Revisiting the Three V’s of Big Data
It’s time to revisit that original post from July 4th, 2011 post on the the Three V’s of big data. Here’s the recap:
Traditionally, big data describes data that’s too large for existing systems to process. Over the past three years, experts and gurus in the space have added additional characteristics to define big data. As big data enters the mainstream language, it’s time to revisit the definition (see Figure 1.)
- Volume. This original characteristic describes the relative size of data to the processing capability. Today a large number may be 10 terabytes. In 12 months 50 terabytes may constitute big data if we follow Moore’s Law. Overcoming the volume issue requires technologies that store vast amounts of data in a scalable fashion and provide distributed approaches to querying or finding that data. Two options exist today: Apache Hadoop based solutions and massively parallel processing databases such as CalPont, EMC GreenPlum, EXASOL, HP Vertica, IBM Netezza, Kognitio, ParAccel, and Teradata Kickfire
- Velocity. Velocity describes the frequency at which data is generated, captured, and shared. The growth in sensor data from devices, and web based click stream analysis now create requirements for greater real-time use cases. The velocity of large data streams power the ability to parse text, detect sentiment, and identify new patterns. Real-time offers in a world of engagement, require fast matching and immediate feedback loops so promotions align with geo location data, customer purchase history, and current sentiment. Key technologies that address velocity include streaming processing and complex event processing. NoSQL databases are used when relational approaches no longer make sense. In addition, the use of in-memory data bases (IMDB), columnar databases, and key value stores help improve retrieval of pre-calculated data.
- Variety. A proliferation of data types from social, machine to machine, and mobile sources add new data types to traditional transactional data. Data no longer fits into neat, easy to consume structures. New types include content, geo-spatial, hardware data points, location based, log data, machine data, metrics, mobile, physical data points, process, RFID’s, search, sentiment, streaming data, social, text, and web. The addition of unstructured data such as speech, text, and language increasingly complicate the ability to categorize data. Some technologies that deal with unstructured data include data mining, text analytics, and noisy text analytics.
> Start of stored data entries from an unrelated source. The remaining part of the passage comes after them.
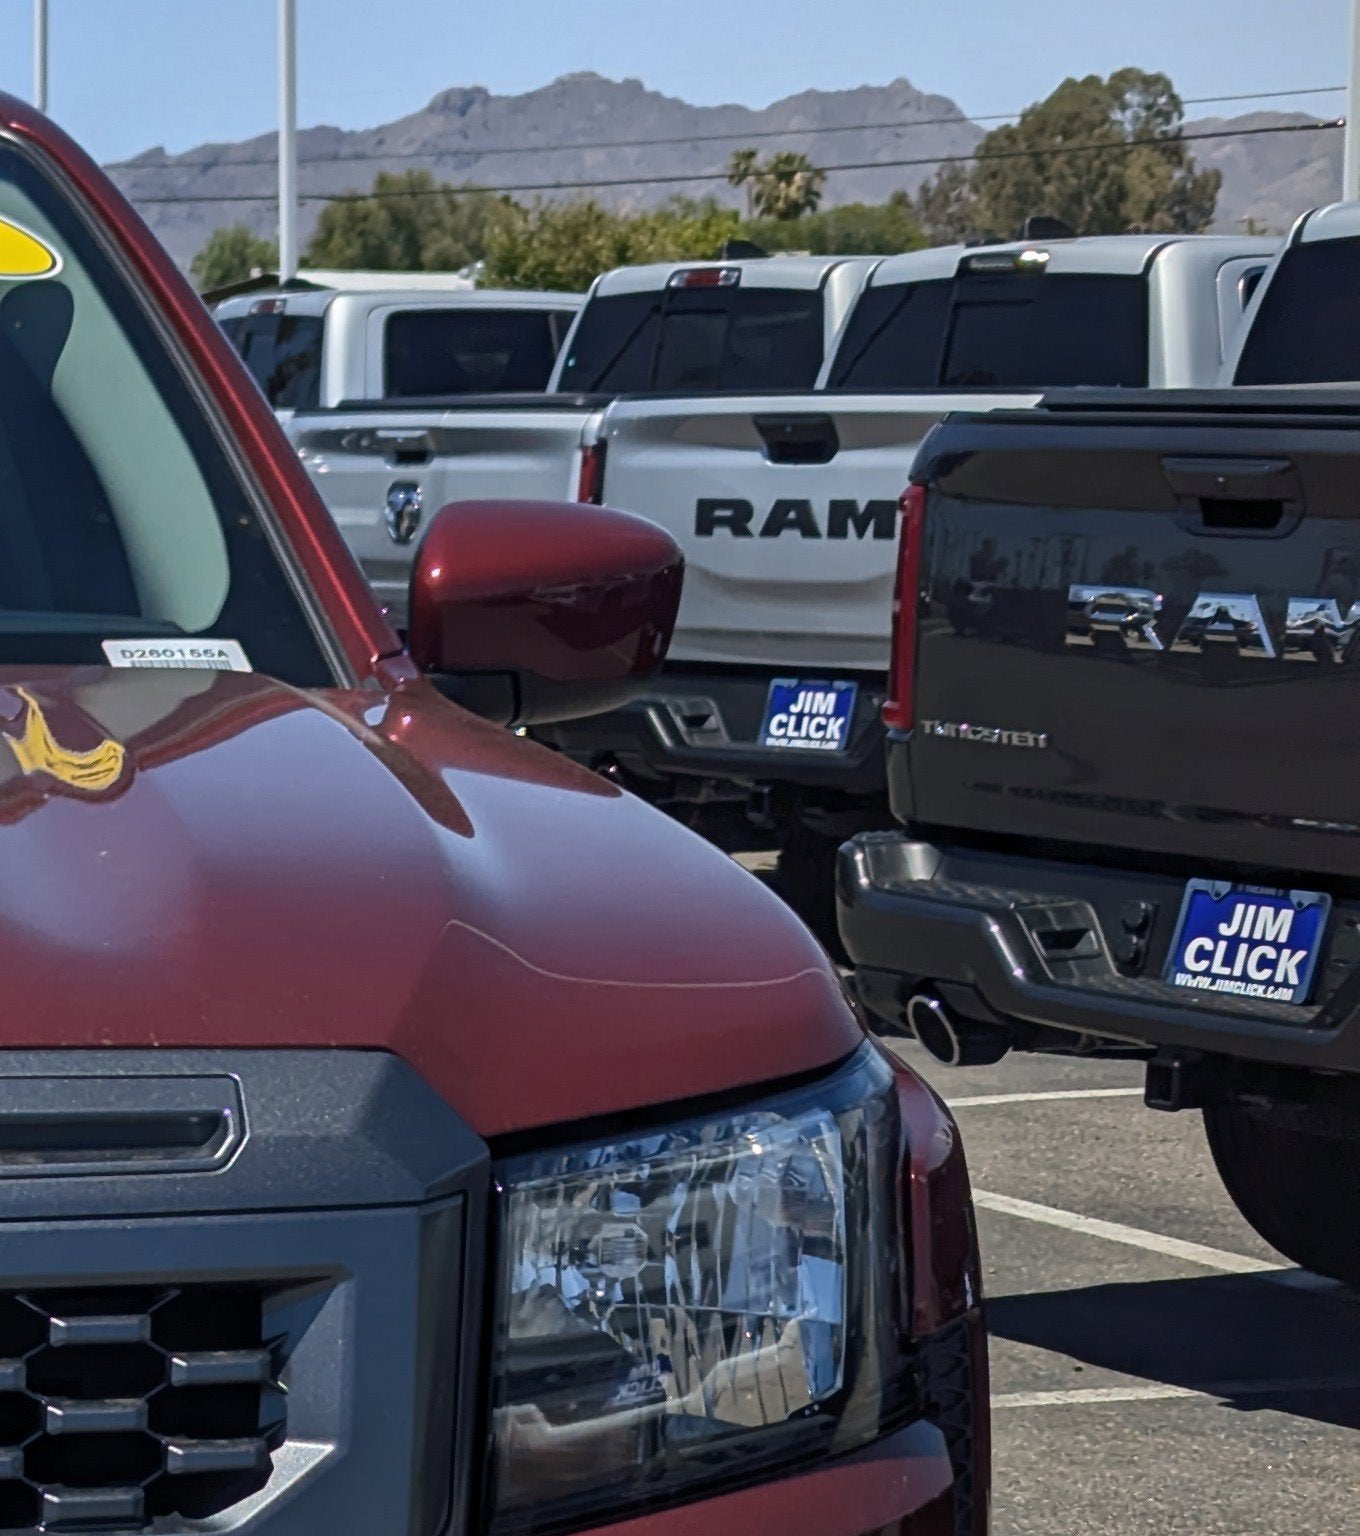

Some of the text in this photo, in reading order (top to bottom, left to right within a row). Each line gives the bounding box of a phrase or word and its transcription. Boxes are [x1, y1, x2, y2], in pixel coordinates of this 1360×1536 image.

[694, 497, 898, 541] RAM
[788, 690, 837, 715] JIM
[768, 712, 846, 740] CLICK
[1217, 903, 1295, 944] JIM
[1183, 936, 1308, 986] CLICK
Figure 1. The Three V’s of Big Data
Contextual Scenarios Require Two More V’s
In an age where we shift from transactions to engagement and then to experience, the forces of social, mobile, cloud, and unified communications add two more big data characteristics that should be considered when seeking insights. These characteristics highlight the importance and complexity required to solve context in big data.
- Viscosity – Viscosity measures the resistance to flow in the volume of data. This resistance can come from different data sources, friction from integration flow rates, and processing required to turn the data into insight. Technologies to deal with viscosity include improved streaming, agile integration bus’, and complex event processing.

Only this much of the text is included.